* EXTRACTED INFORMATION *
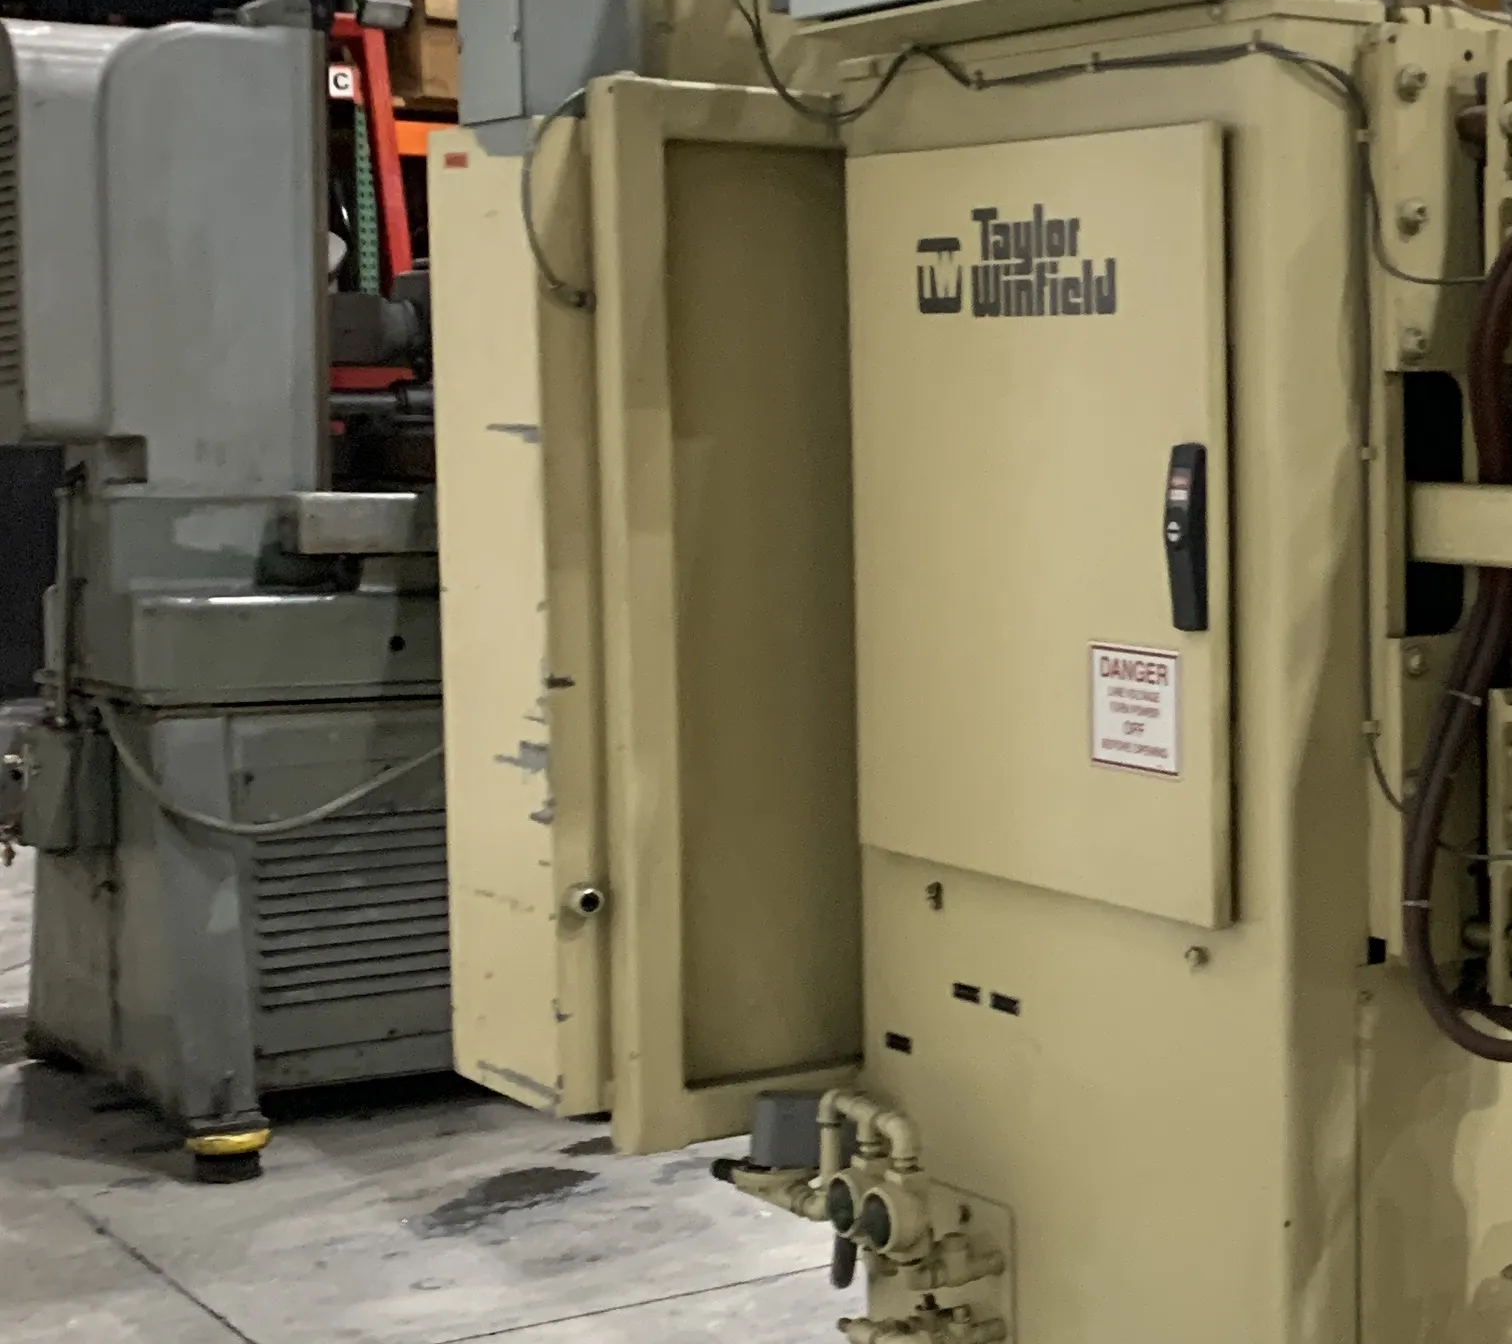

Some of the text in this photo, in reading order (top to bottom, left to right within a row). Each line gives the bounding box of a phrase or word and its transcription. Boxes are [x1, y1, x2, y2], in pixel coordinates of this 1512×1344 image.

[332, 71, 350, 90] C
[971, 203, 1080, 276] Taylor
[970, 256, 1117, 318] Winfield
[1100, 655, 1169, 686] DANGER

* WHAT IS EXPECTED *
Output everything in the records exactly, leaving pictures out.

* ANSWER BOX *
Some of the text in this photo, in reading order (top to bottom, left to right within a row). Each line gives the bounding box of a phrase or word and its transcription. Boxes are [x1, y1, x2, y2], in pixel coordinates of this 1512×1344 image.

[332, 71, 350, 90] C
[971, 203, 1080, 276] Taylor
[970, 256, 1117, 318] Winfield
[1100, 655, 1169, 686] DANGER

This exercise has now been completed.